Requirement =>
Setting aside any pictures, reproduce the data exactly.

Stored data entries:
■ ■ ■ ■

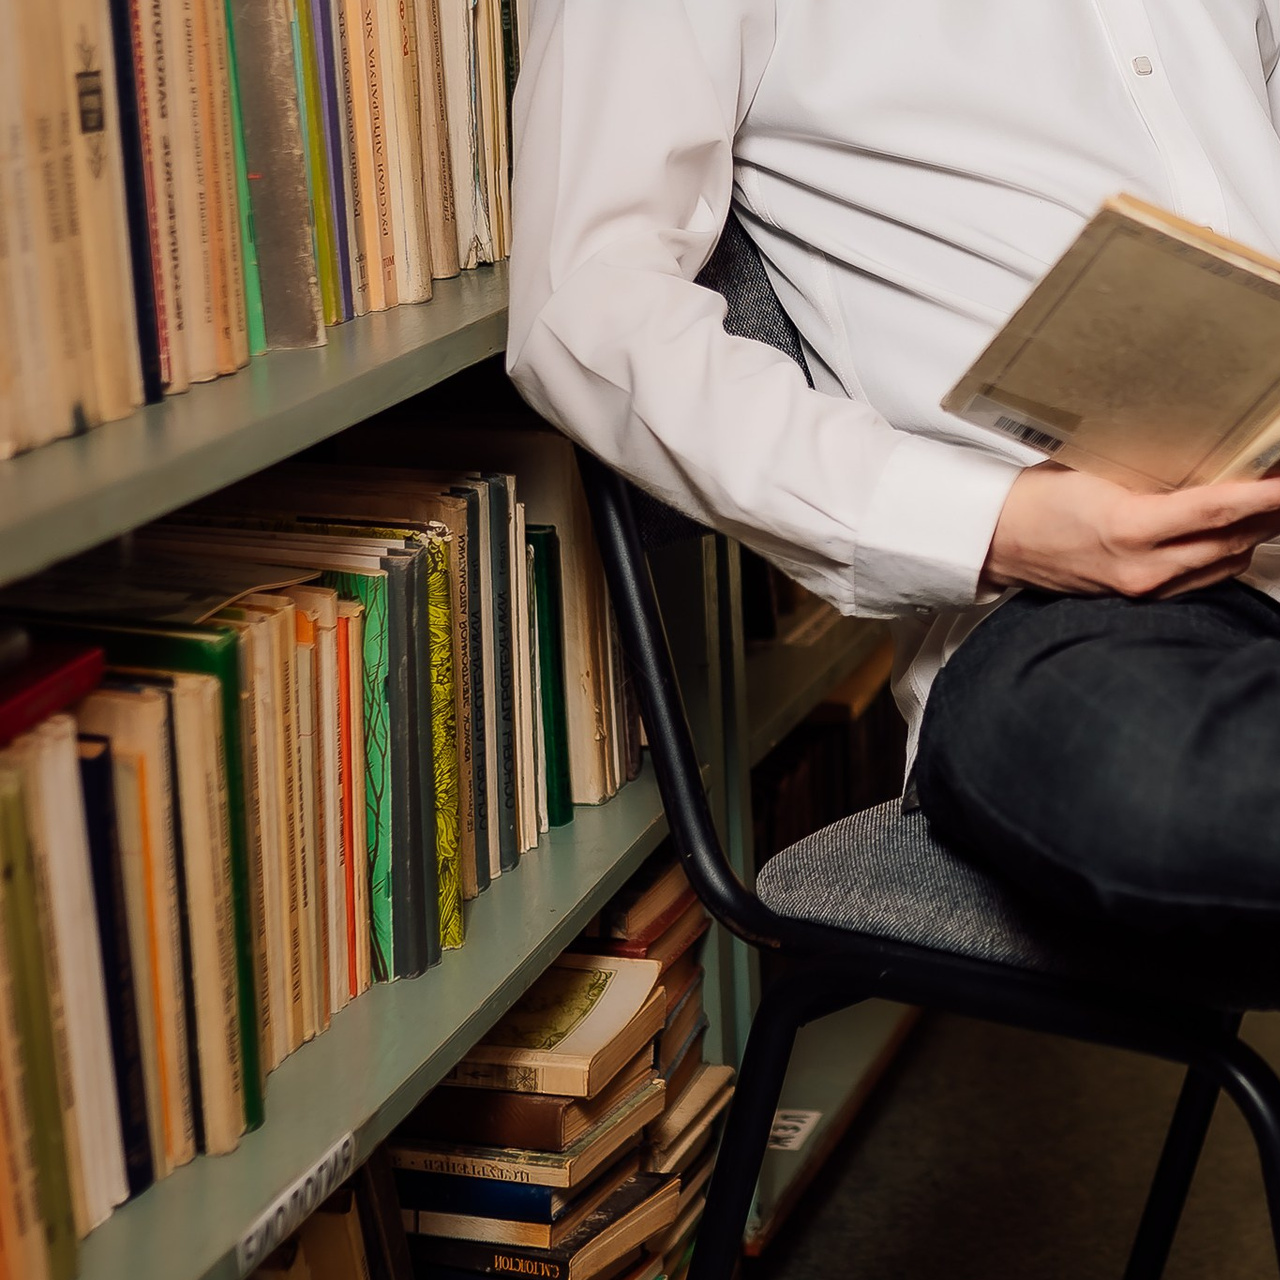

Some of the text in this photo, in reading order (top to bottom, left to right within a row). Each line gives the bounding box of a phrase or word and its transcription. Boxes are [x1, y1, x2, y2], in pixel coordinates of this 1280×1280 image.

[342, 47, 355, 144] литература
[368, 47, 384, 157] ЛИТЕРАТУРА
[350, 151, 361, 219] Русская
[378, 163, 389, 237] РУССКАЯ
[457, 534, 467, 615] АВТОМАТИКИ
[459, 620, 471, 709] ЭЛЕКТРОННОЙ
[497, 591, 512, 723] АГРОТЕХНИКИ
[476, 752, 488, 831] ОСНОВЫ
[502, 730, 514, 810] ОСНОВЫ
[244, 1138, 352, 1262] БИОЛОГИЯ
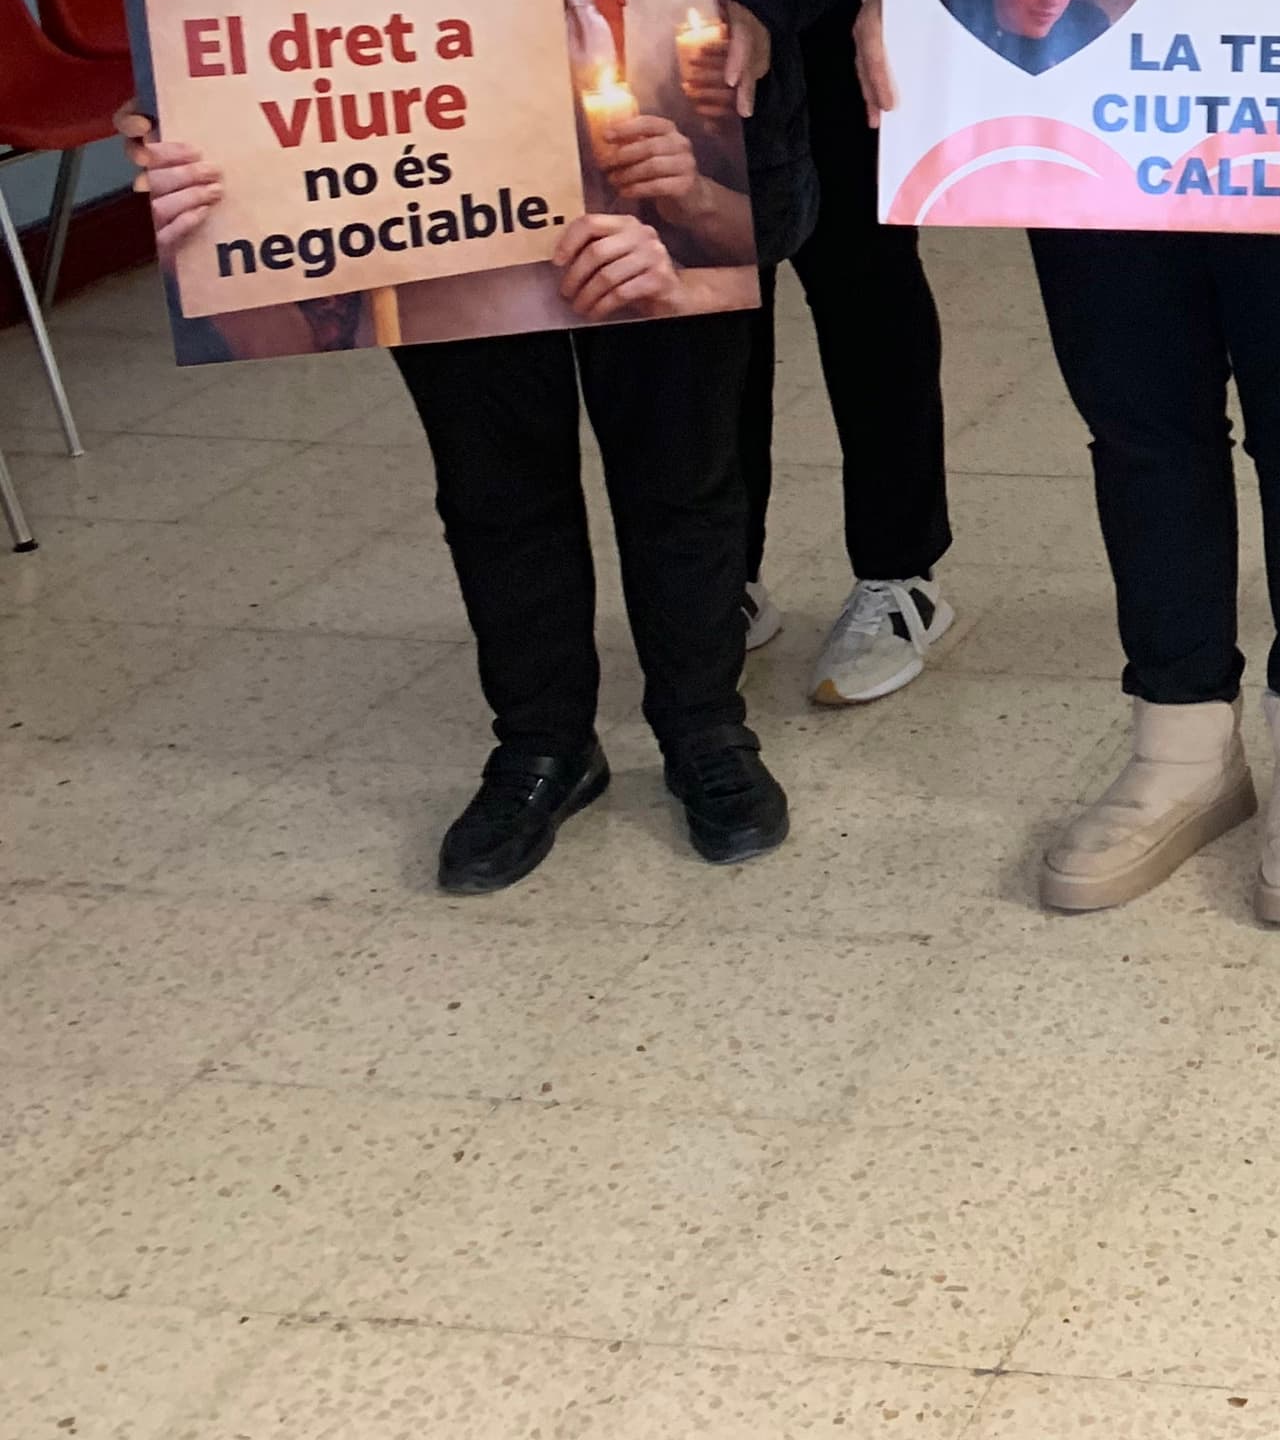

■ ■ ■ ■

Exercise output =>
Some of the text in this photo, in reading order (top to bottom, left to right within a row). Each line gives the bounding box of a phrase or word and its transcription. Boxes are [x1, y1, x2, y2], in pixel coordinates of this 1280×1280 image.

[342, 47, 355, 144] литература
[368, 47, 384, 157] ЛИТЕРАТУРА
[350, 151, 361, 219] Русская
[378, 163, 389, 237] РУССКАЯ
[457, 534, 467, 615] АВТОМАТИКИ
[459, 620, 471, 709] ЭЛЕКТРОННОЙ
[497, 591, 512, 723] АГРОТЕХНИКИ
[476, 752, 488, 831] ОСНОВЫ
[502, 730, 514, 810] ОСНОВЫ
[244, 1138, 352, 1262] БИОЛОГИЯ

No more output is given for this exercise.